WHAT NEEDS TO BE DONE: For every record below, repeat the text exactly and pass over any image.

[Records from a data source]
Start of Block

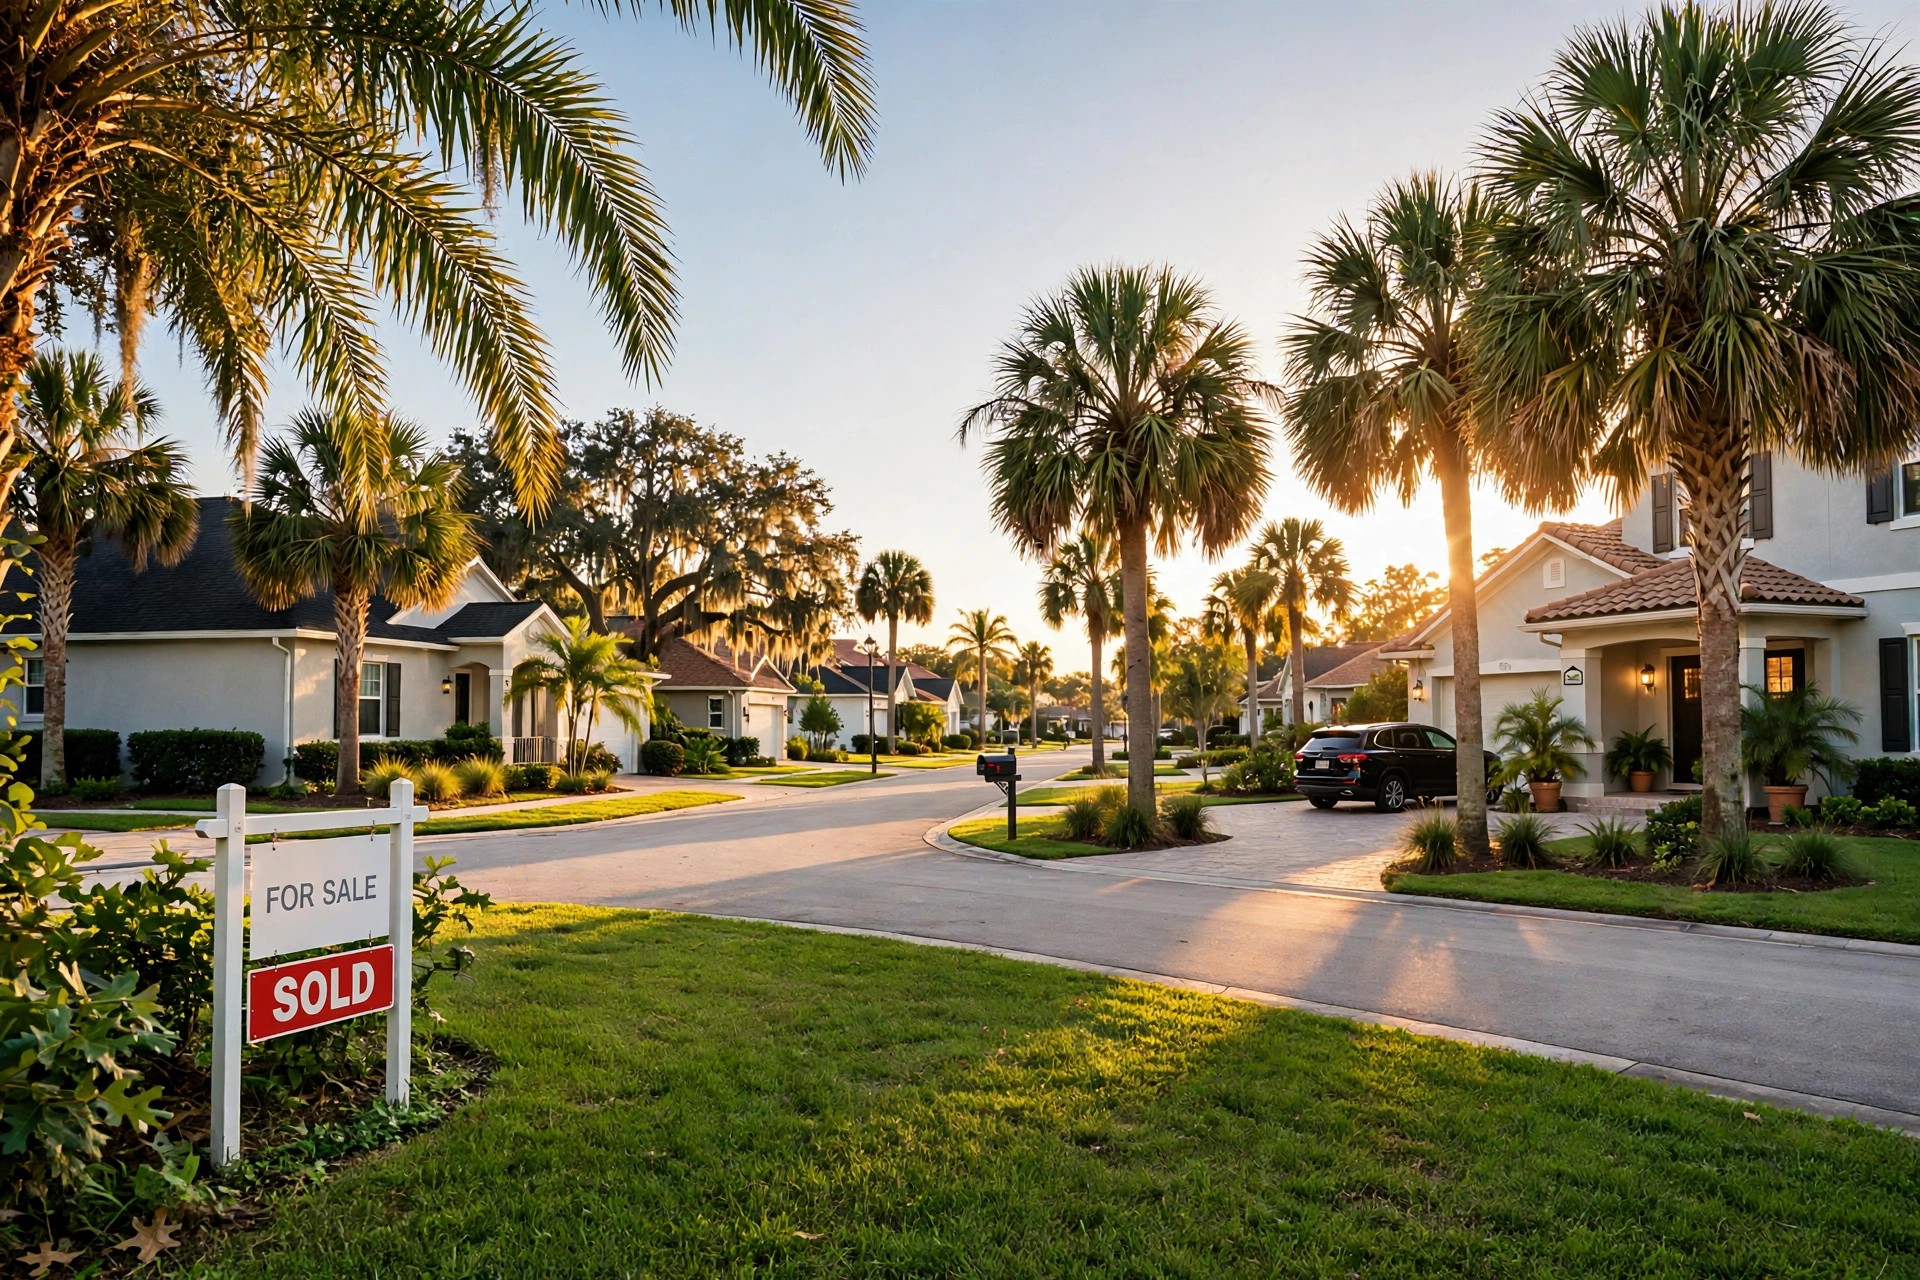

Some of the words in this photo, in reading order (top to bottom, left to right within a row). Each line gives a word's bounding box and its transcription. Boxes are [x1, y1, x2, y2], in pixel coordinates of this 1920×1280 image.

[266, 882, 315, 914] FOR
[322, 874, 377, 905] SALE
[271, 961, 375, 1023] SOLD
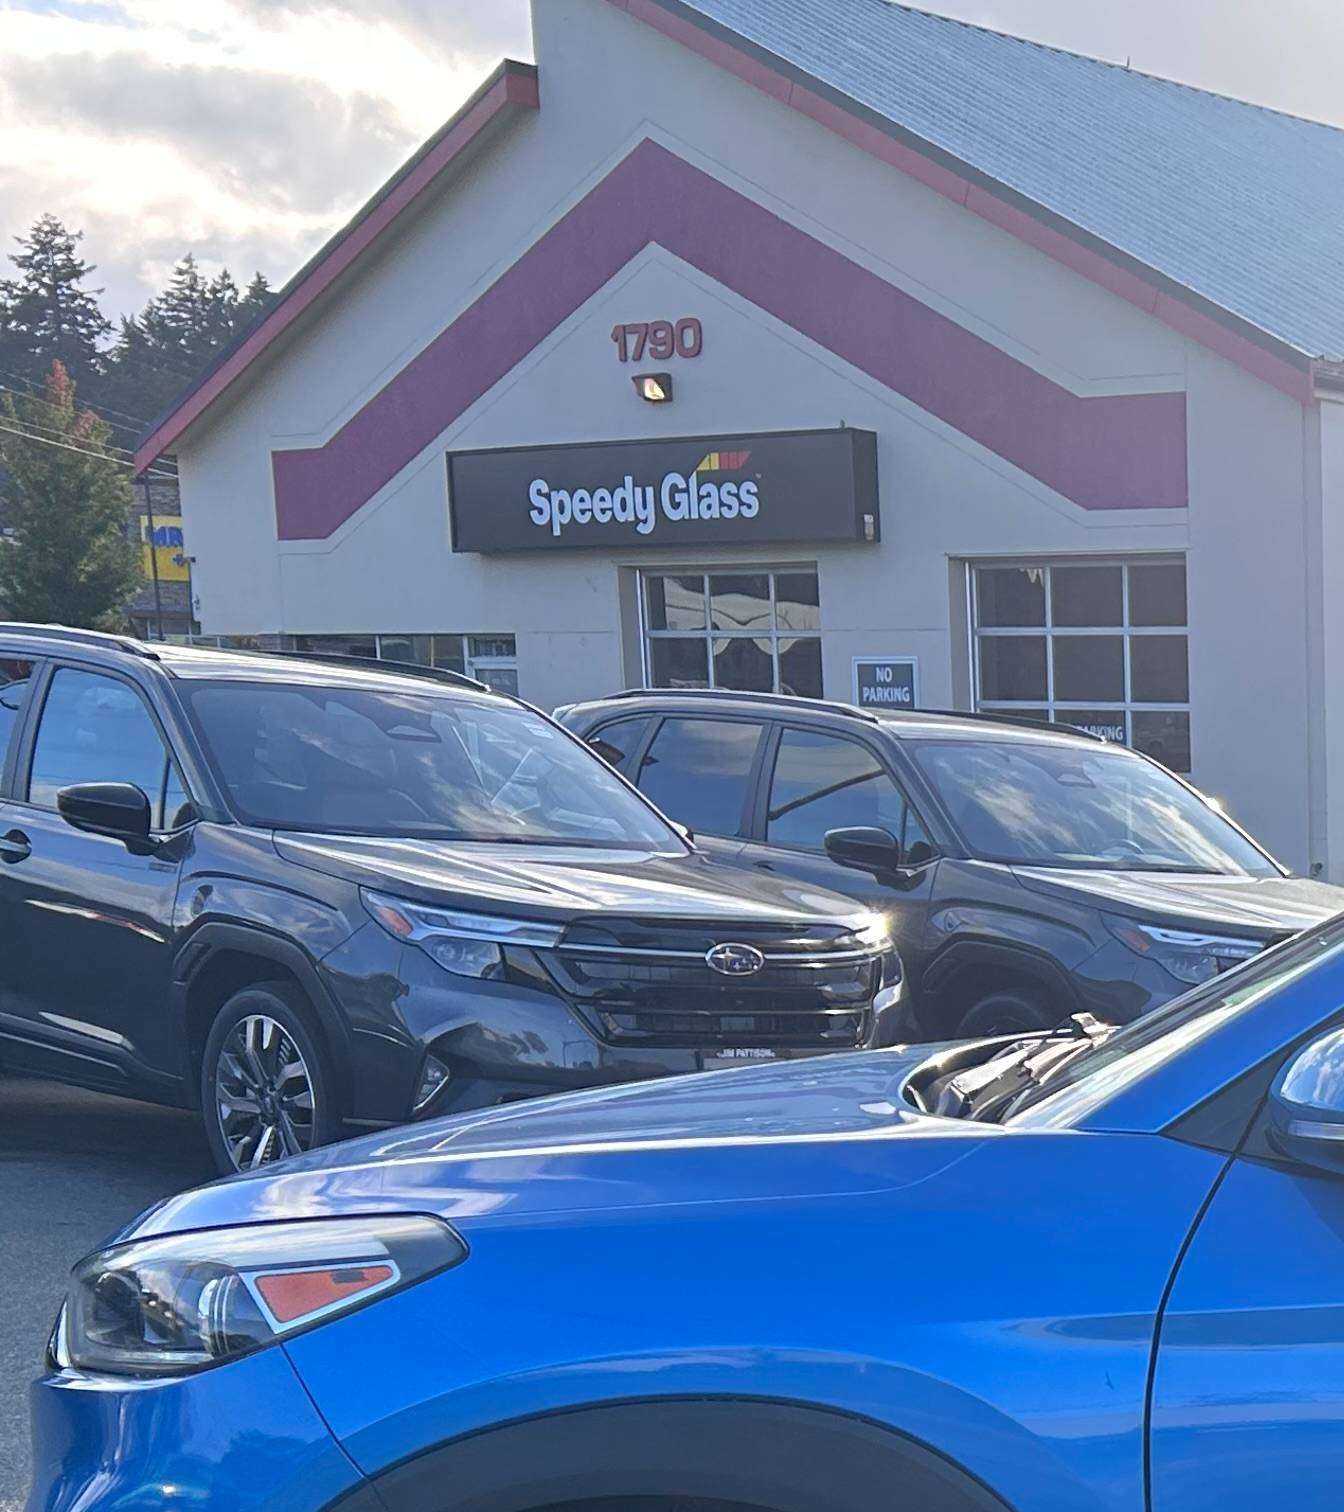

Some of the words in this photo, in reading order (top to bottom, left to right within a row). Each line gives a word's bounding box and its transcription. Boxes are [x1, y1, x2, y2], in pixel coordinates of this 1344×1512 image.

[611, 317, 702, 362] 1790
[529, 475, 655, 536] Speedy
[661, 470, 758, 520] Glass
[876, 667, 892, 682] NO
[862, 687, 910, 702] PARKING
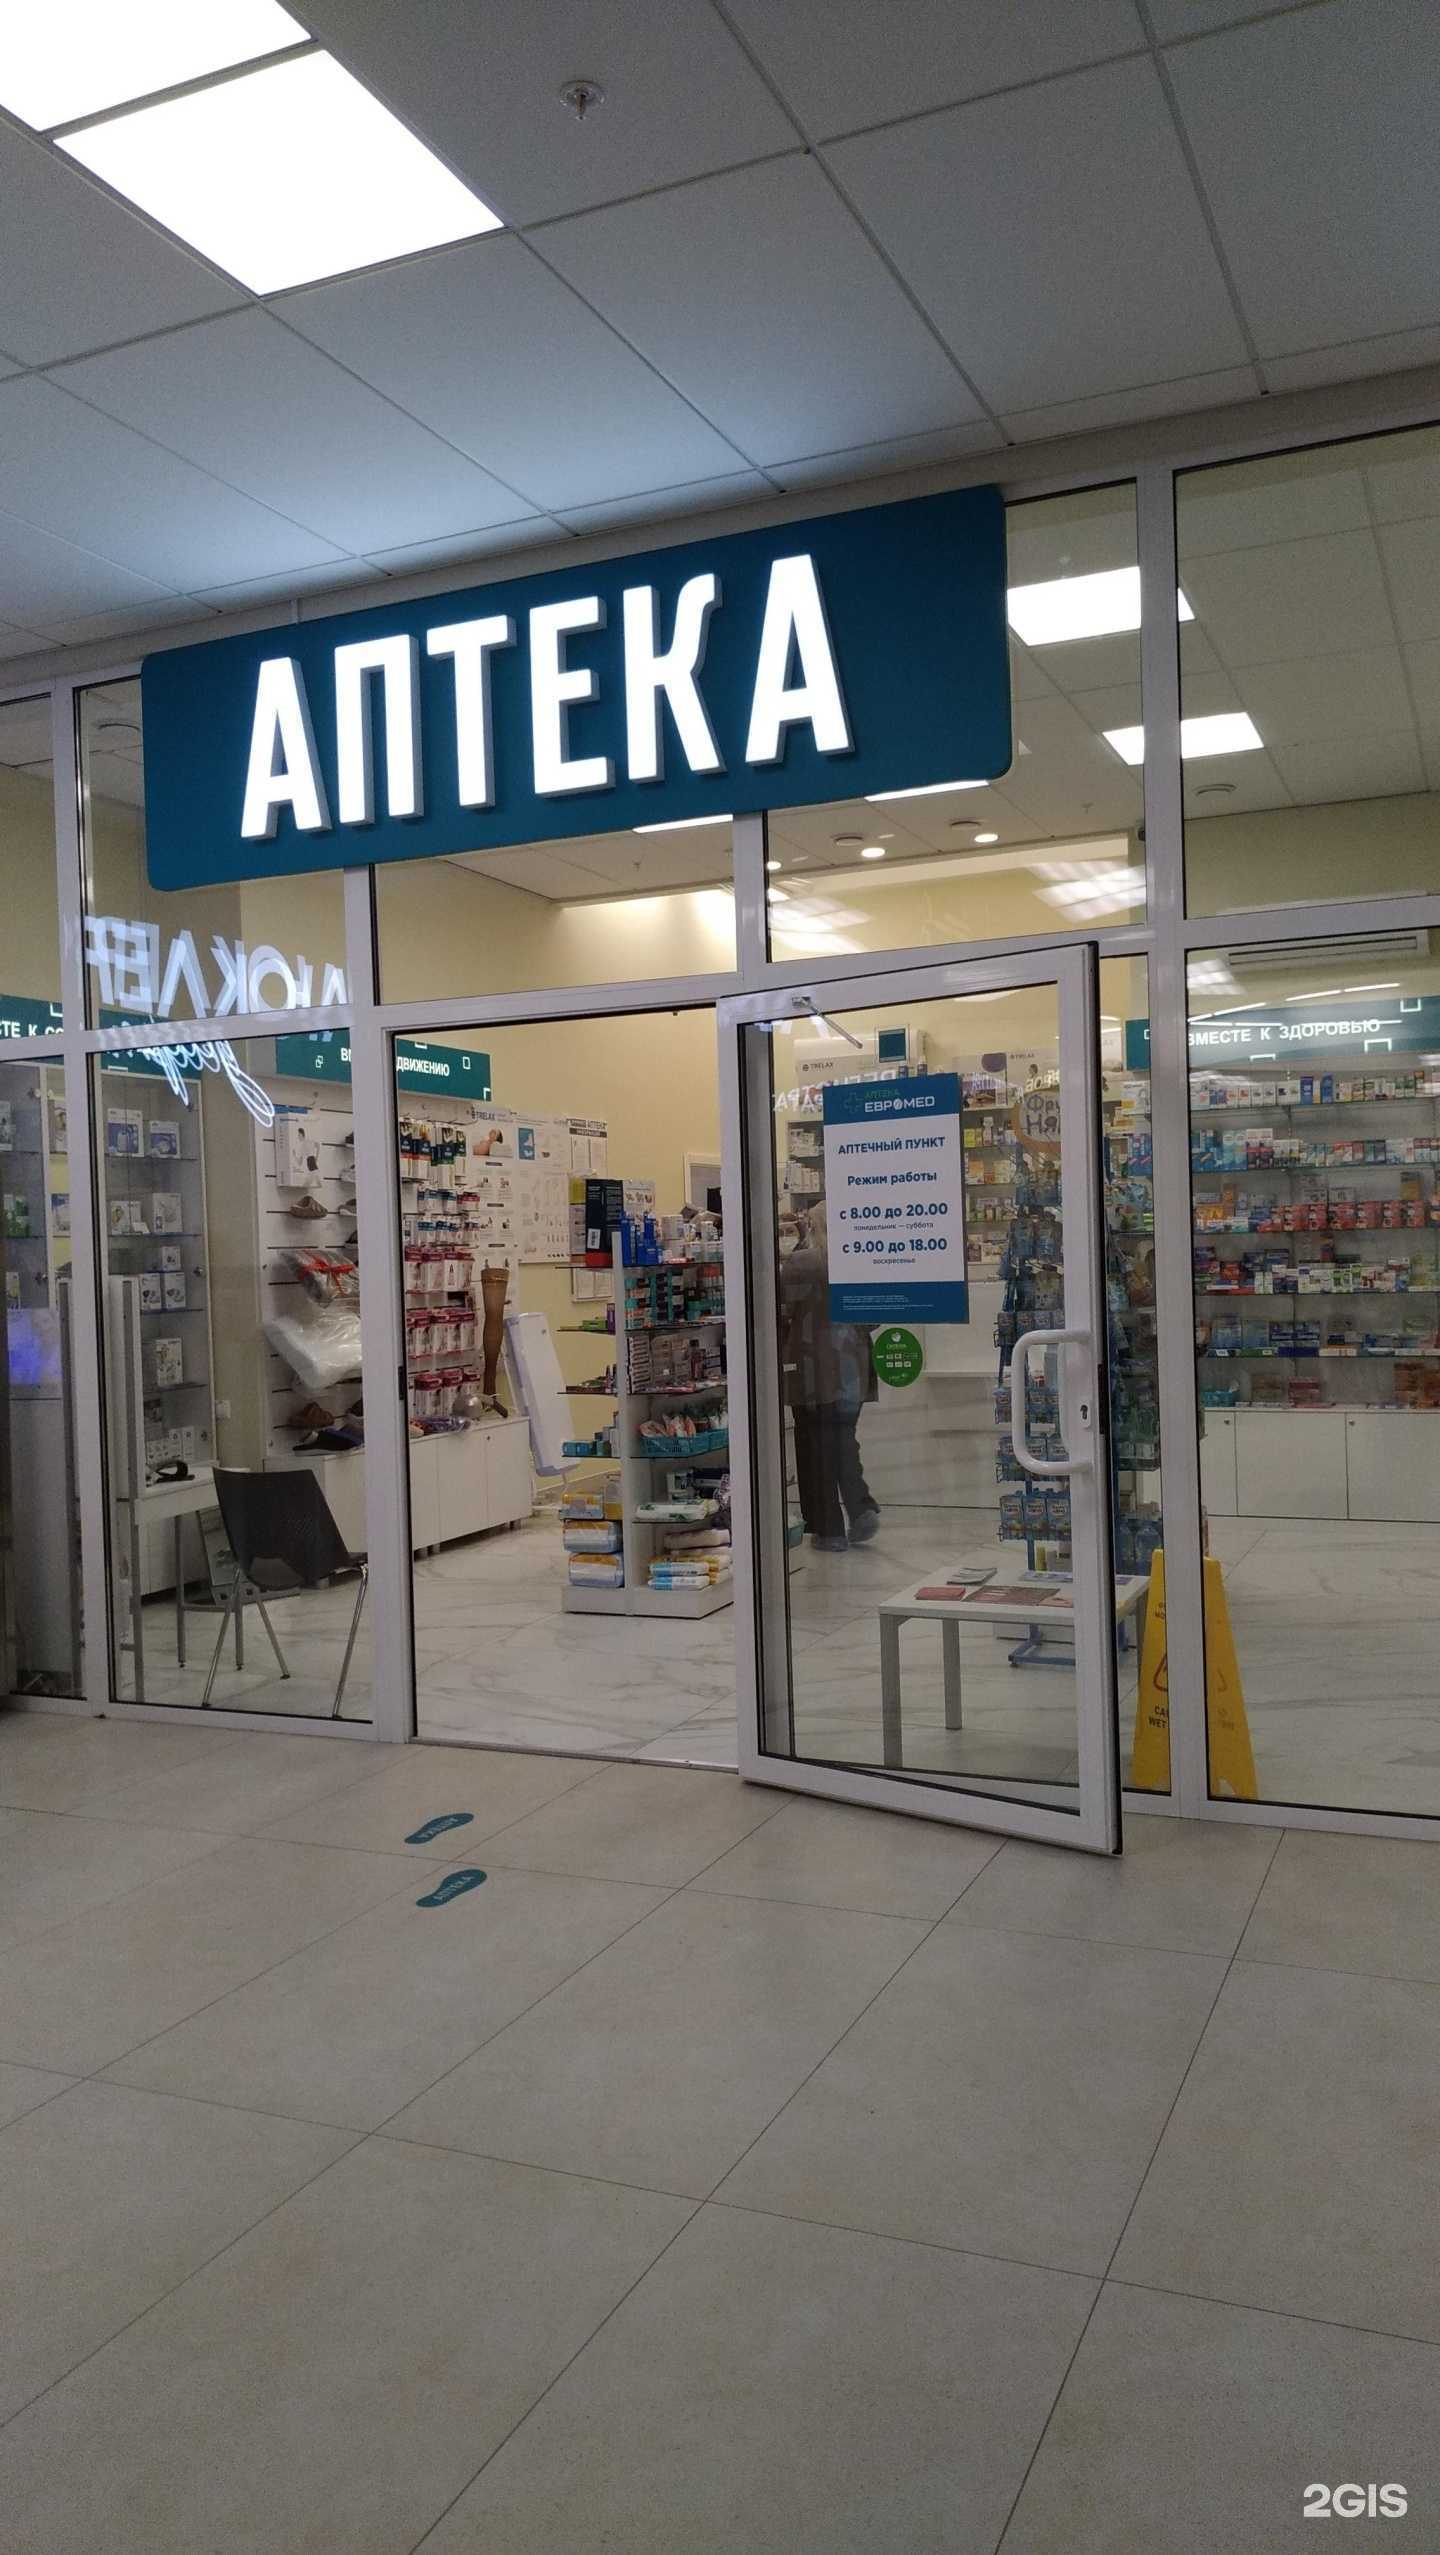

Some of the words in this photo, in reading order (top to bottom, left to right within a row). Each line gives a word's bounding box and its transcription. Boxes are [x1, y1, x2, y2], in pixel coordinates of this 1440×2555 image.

[241, 553, 855, 841] АПТЕКА
[1260, 1028, 1271, 1041] К
[1279, 1019, 1380, 1041] ЗДОРОВЬЮ
[396, 1055, 450, 1077] ДВИЖЕНИЮ
[838, 1137, 902, 1155] АПТЕЧНЫЙ
[905, 1136, 945, 1151] ПУНКТ
[847, 1173, 887, 1187] Режим
[891, 1171, 937, 1186] работы
[839, 1209, 847, 1220] с
[850, 1206, 881, 1220] 8.00
[884, 1207, 902, 1220] до
[906, 1203, 948, 1217] 20.00
[906, 1221, 934, 1231] суббота
[842, 1243, 849, 1254] с
[853, 1240, 884, 1253] 9.00
[888, 1242, 906, 1254] до
[909, 1238, 948, 1251] 18.00

End of Block

TASK SOLUTION:
Some of the words in this photo, in reading order (top to bottom, left to right within a row). Each line gives a word's bounding box and its transcription. Boxes are [x1, y1, x2, y2], in pixel coordinates of this 1920×1280 image.

[266, 882, 315, 914] FOR
[322, 874, 377, 905] SALE
[271, 961, 375, 1023] SOLD

Some of the words in this photo, in reading order (top to bottom, left to right within a row). Each line gives a word's bounding box and its transcription. Boxes are [x1, y1, x2, y2], in pixel coordinates of this 1344×1512 image.

[611, 317, 702, 362] 1790
[529, 475, 655, 536] Speedy
[661, 470, 758, 520] Glass
[876, 667, 892, 682] NO
[862, 687, 910, 702] PARKING

Some of the words in this photo, in reading order (top to bottom, left to right within a row). Each line gives a word's bounding box and its transcription. Boxes are [x1, y1, x2, y2], in pixel coordinates of this 1440×2555 image.

[241, 553, 855, 841] АПТЕКА
[1260, 1028, 1271, 1041] К
[1279, 1019, 1380, 1041] ЗДОРОВЬЮ
[396, 1055, 450, 1077] ДВИЖЕНИЮ
[838, 1137, 902, 1155] АПТЕЧНЫЙ
[905, 1136, 945, 1151] ПУНКТ
[847, 1173, 887, 1187] Режим
[891, 1171, 937, 1186] работы
[839, 1209, 847, 1220] с
[850, 1206, 881, 1220] 8.00
[884, 1207, 902, 1220] до
[906, 1203, 948, 1217] 20.00
[906, 1221, 934, 1231] суббота
[842, 1243, 849, 1254] с
[853, 1240, 884, 1253] 9.00
[888, 1242, 906, 1254] до
[909, 1238, 948, 1251] 18.00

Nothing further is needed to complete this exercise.